Frequency Penalty
AI AgentsPrompt EngineeringFrequency penalty discourages the model from repeating tokens in proportion to how often they’ve already appeared in the output. Each time a token is used, its score for future selection drops a bit more — a word used five times is penalized five times harder than a word used once. The frequency_penalty parameter typically ranges from -2.0 to 2.0, with 0 as the default; positive values reduce repetition, and the scaling with count is what distinguishes it from its sibling, presence penalty, which applies one flat penalty regardless of how many repeats occurred.

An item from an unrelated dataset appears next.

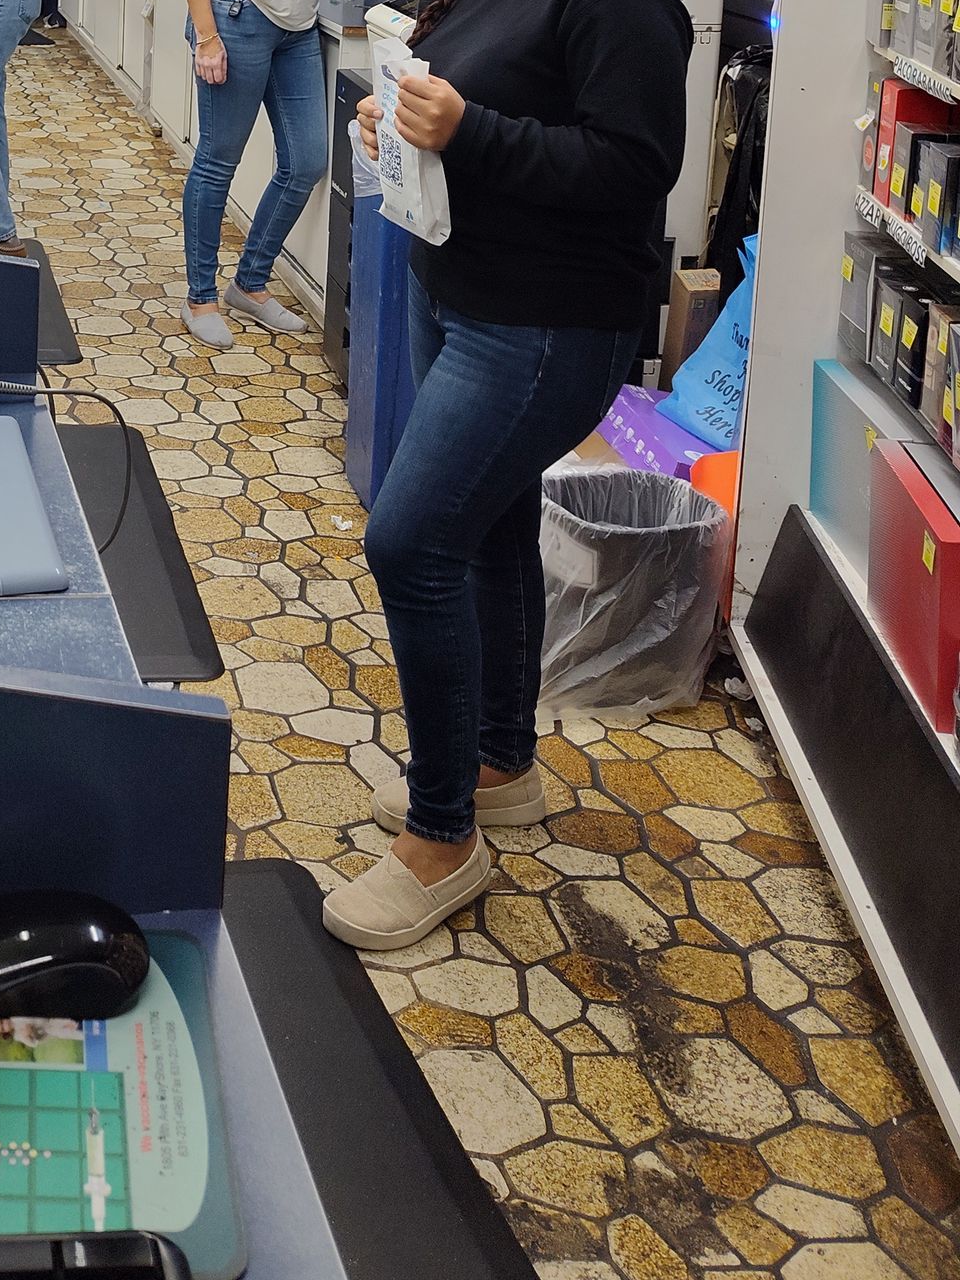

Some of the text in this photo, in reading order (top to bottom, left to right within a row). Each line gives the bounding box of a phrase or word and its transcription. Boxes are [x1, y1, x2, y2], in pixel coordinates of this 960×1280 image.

[894, 56, 913, 80] PACO
[906, 234, 926, 267] BOSS
[696, 406, 733, 439] Here

You reach for this when output gets stuck in loops: the same phrase recycled across paragraphs, a summary that restates its opening line, list items that all begin identically, or — the pathological case, common at low temperature — the model emitting the same token endlessly. Long generations are where repetition compounds, so this knob matters most for articles, product descriptions at scale, and other extended prose. It’s a lighter, cheaper fix than raising temperature, which changes randomness everywhere rather than just discouraging reuse.
In practice, frequency_penalty is a top-level request field on OpenAI-style APIs (Anthropic doesn’t expose one — you steer repetition through prompting instead). Start small, around 0.1 to 0.5, and inspect output before going higher: strong penalties punish necessary repetition too, mangling code, JSON keys, and technical terms that legitimately recur. Keep it at 0 for structured output.